Collected data entries

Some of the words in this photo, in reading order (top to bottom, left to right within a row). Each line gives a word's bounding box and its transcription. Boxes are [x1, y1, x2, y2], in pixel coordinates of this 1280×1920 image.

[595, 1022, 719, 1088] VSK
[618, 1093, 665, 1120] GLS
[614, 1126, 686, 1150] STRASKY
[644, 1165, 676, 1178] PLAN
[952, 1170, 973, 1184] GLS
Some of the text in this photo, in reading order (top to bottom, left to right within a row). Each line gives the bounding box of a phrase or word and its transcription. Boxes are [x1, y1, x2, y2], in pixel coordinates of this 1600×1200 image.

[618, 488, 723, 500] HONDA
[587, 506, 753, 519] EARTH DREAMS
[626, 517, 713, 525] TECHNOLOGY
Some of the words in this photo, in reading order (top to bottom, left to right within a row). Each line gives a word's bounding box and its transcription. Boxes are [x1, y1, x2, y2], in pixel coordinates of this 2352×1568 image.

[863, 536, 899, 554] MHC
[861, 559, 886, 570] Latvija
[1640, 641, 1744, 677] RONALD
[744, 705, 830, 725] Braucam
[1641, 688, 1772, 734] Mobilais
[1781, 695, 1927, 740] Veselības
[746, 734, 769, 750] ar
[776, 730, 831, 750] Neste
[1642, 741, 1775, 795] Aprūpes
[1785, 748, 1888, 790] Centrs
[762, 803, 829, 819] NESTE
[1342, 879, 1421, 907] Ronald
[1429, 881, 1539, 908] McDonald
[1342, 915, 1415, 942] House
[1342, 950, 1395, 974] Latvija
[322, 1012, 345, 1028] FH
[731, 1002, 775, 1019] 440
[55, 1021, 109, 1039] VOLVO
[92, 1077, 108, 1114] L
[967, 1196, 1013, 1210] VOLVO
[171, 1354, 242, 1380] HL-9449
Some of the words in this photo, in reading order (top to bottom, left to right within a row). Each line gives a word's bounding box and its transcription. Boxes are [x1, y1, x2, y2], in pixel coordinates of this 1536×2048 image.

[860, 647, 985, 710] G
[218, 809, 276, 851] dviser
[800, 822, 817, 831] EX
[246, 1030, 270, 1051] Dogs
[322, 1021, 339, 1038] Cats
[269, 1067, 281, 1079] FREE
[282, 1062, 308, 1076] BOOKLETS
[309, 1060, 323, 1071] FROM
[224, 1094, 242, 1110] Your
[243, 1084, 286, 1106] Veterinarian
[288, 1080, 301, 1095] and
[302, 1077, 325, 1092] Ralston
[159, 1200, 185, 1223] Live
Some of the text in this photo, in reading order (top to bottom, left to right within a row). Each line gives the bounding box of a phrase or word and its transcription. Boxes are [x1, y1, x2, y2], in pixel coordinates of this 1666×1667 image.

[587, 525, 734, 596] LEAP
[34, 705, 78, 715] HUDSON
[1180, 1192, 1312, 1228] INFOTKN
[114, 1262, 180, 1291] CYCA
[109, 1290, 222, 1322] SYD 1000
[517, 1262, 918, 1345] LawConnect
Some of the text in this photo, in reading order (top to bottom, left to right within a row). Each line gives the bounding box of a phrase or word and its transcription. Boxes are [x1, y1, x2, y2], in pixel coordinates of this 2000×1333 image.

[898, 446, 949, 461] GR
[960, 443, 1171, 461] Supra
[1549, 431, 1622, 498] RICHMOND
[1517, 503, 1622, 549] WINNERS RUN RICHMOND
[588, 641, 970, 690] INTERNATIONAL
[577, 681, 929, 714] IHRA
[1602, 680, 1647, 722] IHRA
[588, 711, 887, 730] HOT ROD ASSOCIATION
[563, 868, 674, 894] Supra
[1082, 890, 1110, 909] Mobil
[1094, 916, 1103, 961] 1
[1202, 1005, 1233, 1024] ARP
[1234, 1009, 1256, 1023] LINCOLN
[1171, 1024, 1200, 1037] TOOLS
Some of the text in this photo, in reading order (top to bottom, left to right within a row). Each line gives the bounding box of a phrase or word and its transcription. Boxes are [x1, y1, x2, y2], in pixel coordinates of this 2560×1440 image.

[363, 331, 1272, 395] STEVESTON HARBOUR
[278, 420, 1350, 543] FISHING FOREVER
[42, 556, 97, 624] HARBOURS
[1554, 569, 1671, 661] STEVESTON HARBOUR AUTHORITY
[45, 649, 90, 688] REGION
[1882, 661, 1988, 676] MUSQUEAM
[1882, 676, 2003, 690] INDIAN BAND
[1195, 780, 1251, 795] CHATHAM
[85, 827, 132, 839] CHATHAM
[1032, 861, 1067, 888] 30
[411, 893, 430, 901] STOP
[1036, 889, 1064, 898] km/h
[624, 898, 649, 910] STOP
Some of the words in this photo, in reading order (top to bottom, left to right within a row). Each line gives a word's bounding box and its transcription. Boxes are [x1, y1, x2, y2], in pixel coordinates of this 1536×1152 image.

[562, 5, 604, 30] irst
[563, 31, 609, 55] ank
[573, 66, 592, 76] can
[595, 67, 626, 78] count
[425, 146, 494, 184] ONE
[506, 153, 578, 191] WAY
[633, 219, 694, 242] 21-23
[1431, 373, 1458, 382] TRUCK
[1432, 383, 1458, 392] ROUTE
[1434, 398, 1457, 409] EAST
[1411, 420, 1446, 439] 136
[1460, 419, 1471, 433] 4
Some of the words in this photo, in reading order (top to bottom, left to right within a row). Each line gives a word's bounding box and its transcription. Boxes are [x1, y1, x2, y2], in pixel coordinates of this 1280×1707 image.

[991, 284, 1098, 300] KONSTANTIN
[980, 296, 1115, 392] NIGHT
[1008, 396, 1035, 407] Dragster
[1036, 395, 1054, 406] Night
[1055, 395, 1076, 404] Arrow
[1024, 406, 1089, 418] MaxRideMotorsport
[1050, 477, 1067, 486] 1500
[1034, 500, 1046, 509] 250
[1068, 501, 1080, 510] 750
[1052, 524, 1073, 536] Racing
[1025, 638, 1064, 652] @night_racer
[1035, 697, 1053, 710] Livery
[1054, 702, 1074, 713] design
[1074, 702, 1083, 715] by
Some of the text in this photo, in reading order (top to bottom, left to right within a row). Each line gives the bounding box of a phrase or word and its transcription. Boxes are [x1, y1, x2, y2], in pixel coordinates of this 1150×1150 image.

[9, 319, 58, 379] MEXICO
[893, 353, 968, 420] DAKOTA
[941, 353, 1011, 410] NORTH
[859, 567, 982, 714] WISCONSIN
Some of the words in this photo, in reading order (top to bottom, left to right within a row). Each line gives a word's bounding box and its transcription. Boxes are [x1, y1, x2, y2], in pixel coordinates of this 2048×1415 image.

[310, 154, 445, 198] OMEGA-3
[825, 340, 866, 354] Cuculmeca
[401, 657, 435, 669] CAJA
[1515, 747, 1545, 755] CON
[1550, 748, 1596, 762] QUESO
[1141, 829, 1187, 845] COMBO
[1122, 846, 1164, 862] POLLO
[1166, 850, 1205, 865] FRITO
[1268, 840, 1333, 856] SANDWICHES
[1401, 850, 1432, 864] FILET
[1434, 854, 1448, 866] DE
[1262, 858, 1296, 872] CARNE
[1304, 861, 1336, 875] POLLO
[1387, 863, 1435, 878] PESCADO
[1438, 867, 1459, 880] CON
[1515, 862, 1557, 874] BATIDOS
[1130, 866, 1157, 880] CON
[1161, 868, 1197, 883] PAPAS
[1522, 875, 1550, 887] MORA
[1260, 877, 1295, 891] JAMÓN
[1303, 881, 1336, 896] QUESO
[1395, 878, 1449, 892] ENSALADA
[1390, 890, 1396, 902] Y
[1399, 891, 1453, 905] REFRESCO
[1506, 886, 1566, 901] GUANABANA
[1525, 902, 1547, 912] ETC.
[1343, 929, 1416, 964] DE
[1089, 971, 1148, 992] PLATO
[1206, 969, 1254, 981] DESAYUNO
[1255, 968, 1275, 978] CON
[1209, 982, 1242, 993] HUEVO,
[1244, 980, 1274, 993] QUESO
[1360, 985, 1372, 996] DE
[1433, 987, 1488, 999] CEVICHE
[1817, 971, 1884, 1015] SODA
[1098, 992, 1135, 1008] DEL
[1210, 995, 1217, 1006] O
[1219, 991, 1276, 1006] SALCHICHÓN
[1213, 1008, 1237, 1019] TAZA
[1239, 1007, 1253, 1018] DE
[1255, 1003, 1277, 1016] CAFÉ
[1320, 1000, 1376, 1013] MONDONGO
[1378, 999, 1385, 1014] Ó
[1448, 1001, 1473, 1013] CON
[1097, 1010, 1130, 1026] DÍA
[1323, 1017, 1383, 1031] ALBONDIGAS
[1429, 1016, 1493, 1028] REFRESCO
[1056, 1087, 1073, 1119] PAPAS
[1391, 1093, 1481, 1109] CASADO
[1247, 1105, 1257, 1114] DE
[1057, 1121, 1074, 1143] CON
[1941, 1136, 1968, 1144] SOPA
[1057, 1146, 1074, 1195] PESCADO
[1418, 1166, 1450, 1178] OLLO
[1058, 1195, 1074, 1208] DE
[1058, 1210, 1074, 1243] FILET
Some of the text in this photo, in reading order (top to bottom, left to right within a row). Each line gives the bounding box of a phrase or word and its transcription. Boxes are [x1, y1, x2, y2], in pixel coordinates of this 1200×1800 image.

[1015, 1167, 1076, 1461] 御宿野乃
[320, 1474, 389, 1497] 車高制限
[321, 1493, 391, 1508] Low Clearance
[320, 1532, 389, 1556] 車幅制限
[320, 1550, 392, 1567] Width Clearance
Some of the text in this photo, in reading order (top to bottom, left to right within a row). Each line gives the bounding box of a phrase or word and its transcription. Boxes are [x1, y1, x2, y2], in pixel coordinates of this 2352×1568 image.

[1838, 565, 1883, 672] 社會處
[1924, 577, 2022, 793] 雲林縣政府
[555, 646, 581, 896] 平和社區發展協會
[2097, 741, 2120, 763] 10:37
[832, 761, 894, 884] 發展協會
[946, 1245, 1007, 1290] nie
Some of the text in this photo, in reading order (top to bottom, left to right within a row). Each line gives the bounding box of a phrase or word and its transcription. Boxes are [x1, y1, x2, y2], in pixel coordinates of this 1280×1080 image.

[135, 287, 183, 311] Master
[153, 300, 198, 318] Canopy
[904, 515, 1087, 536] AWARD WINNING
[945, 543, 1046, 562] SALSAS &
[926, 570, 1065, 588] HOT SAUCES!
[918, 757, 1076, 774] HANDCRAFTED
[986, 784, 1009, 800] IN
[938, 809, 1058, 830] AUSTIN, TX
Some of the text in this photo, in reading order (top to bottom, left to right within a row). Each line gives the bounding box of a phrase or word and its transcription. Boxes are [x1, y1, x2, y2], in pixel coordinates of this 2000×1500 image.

* _TASK DESCRIPTION_:
Only the lines from the one containing "this 1280×1080 image." through the end of the entries above should be written out, exactly and in full.

* _SOLUTION TO THIS EXERCISE_:
Some of the text in this photo, in reading order (top to bottom, left to right within a row). Each line gives the bounding box of a phrase or word and its transcription. Boxes are [x1, y1, x2, y2], in pixel coordinates of this 1280×1080 image.

[135, 287, 183, 311] Master
[153, 300, 198, 318] Canopy
[904, 515, 1087, 536] AWARD WINNING
[945, 543, 1046, 562] SALSAS &
[926, 570, 1065, 588] HOT SAUCES!
[918, 757, 1076, 774] HANDCRAFTED
[986, 784, 1009, 800] IN
[938, 809, 1058, 830] AUSTIN, TX
Some of the text in this photo, in reading order (top to bottom, left to right within a row). Each line gives the bounding box of a phrase or word and its transcription. Boxes are [x1, y1, x2, y2], in pixel coordinates of this 2000×1500 image.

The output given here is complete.